Material provided =>
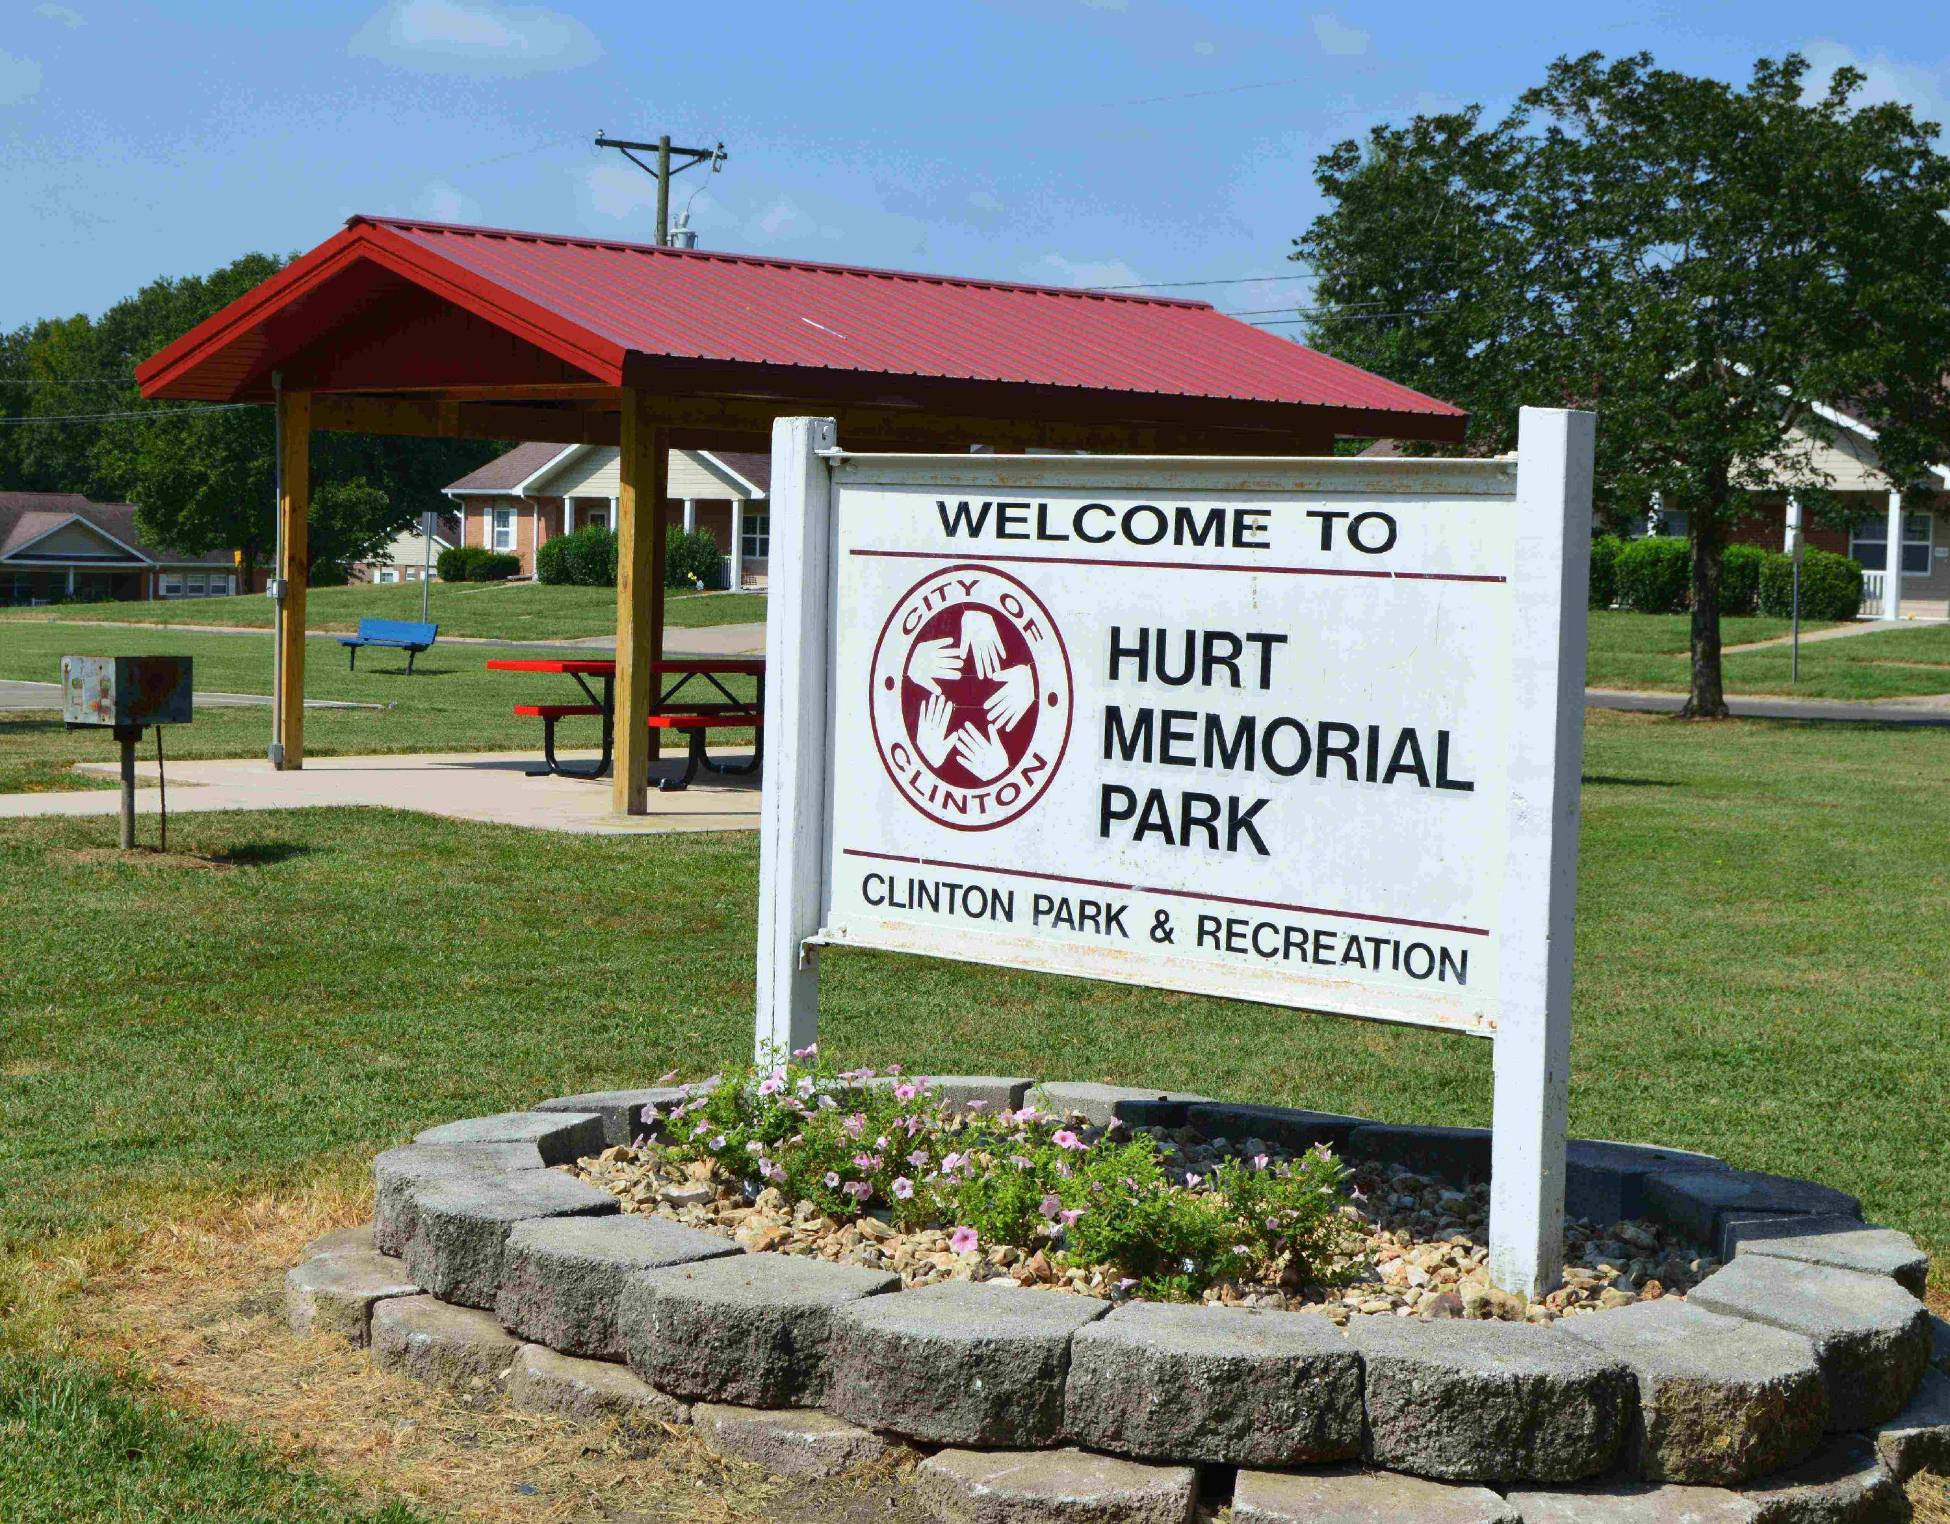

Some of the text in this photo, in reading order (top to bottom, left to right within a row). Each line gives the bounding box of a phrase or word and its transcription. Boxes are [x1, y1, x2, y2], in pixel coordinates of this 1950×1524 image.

[937, 500, 1398, 555] WELCOME TO
[902, 579, 1044, 643] CITY OF
[1109, 625, 1288, 690] HURT
[890, 742, 1048, 815] CLINTON
[1101, 705, 1475, 792] MEMORIAL
[1100, 783, 1271, 856] PARK
[862, 873, 1469, 985] CLINTON PARK & RECREATION
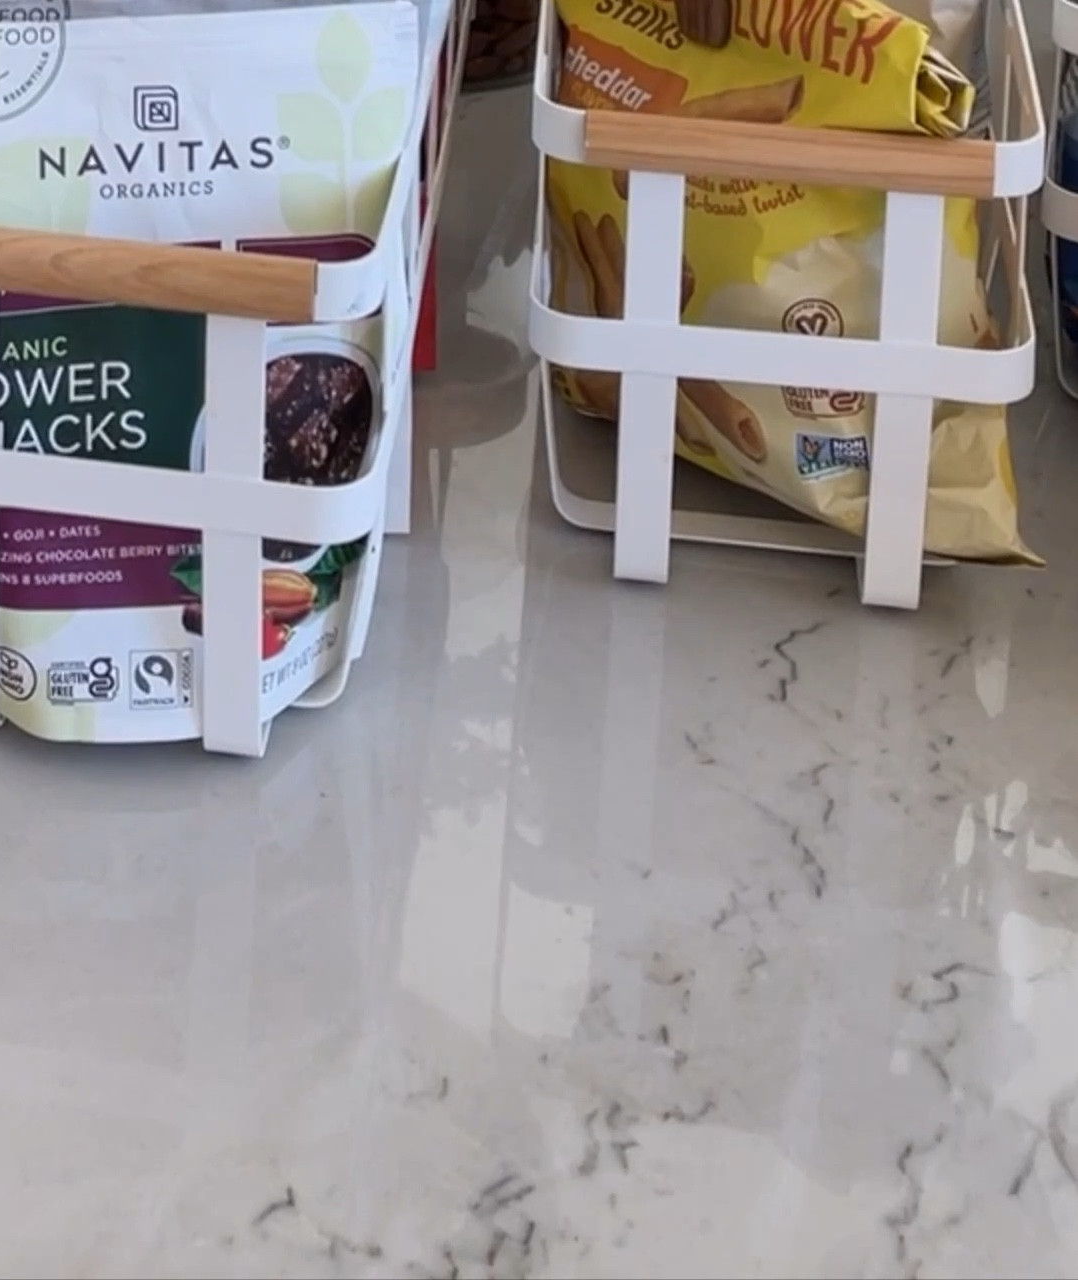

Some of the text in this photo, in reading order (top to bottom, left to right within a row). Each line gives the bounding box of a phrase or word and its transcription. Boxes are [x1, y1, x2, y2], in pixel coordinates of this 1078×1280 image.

[3, 51, 50, 105] ESSENTIALS
[565, 45, 653, 110] cheddar
[38, 136, 275, 181] NAVITAS
[98, 180, 215, 200] ORGANICS
[13, 524, 101, 542] GOJI DATES
[35, 545, 116, 564] CHOCOLATE
[119, 545, 162, 559] BERRY
[34, 570, 123, 585] SUPERFOODS
[50, 671, 90, 685] GLUTEN
[50, 685, 74, 698] FREE

What to produce => With the pictures set aside, return each line of the listing exactly as given.

Final answer =>
Some of the text in this photo, in reading order (top to bottom, left to right within a row). Each line gives the bounding box of a phrase or word and its transcription. Boxes are [x1, y1, x2, y2], in pixel coordinates of this 1950×1524 image.

[937, 500, 1398, 555] WELCOME TO
[902, 579, 1044, 643] CITY OF
[1109, 625, 1288, 690] HURT
[890, 742, 1048, 815] CLINTON
[1101, 705, 1475, 792] MEMORIAL
[1100, 783, 1271, 856] PARK
[862, 873, 1469, 985] CLINTON PARK & RECREATION

Some of the text in this photo, in reading order (top to bottom, left to right within a row). Each line gives the bounding box of a phrase or word and its transcription. Boxes are [x1, y1, x2, y2], in pixel coordinates of this 1078×1280 image.

[3, 51, 50, 105] ESSENTIALS
[565, 45, 653, 110] cheddar
[38, 136, 275, 181] NAVITAS
[98, 180, 215, 200] ORGANICS
[13, 524, 101, 542] GOJI DATES
[35, 545, 116, 564] CHOCOLATE
[119, 545, 162, 559] BERRY
[34, 570, 123, 585] SUPERFOODS
[50, 671, 90, 685] GLUTEN
[50, 685, 74, 698] FREE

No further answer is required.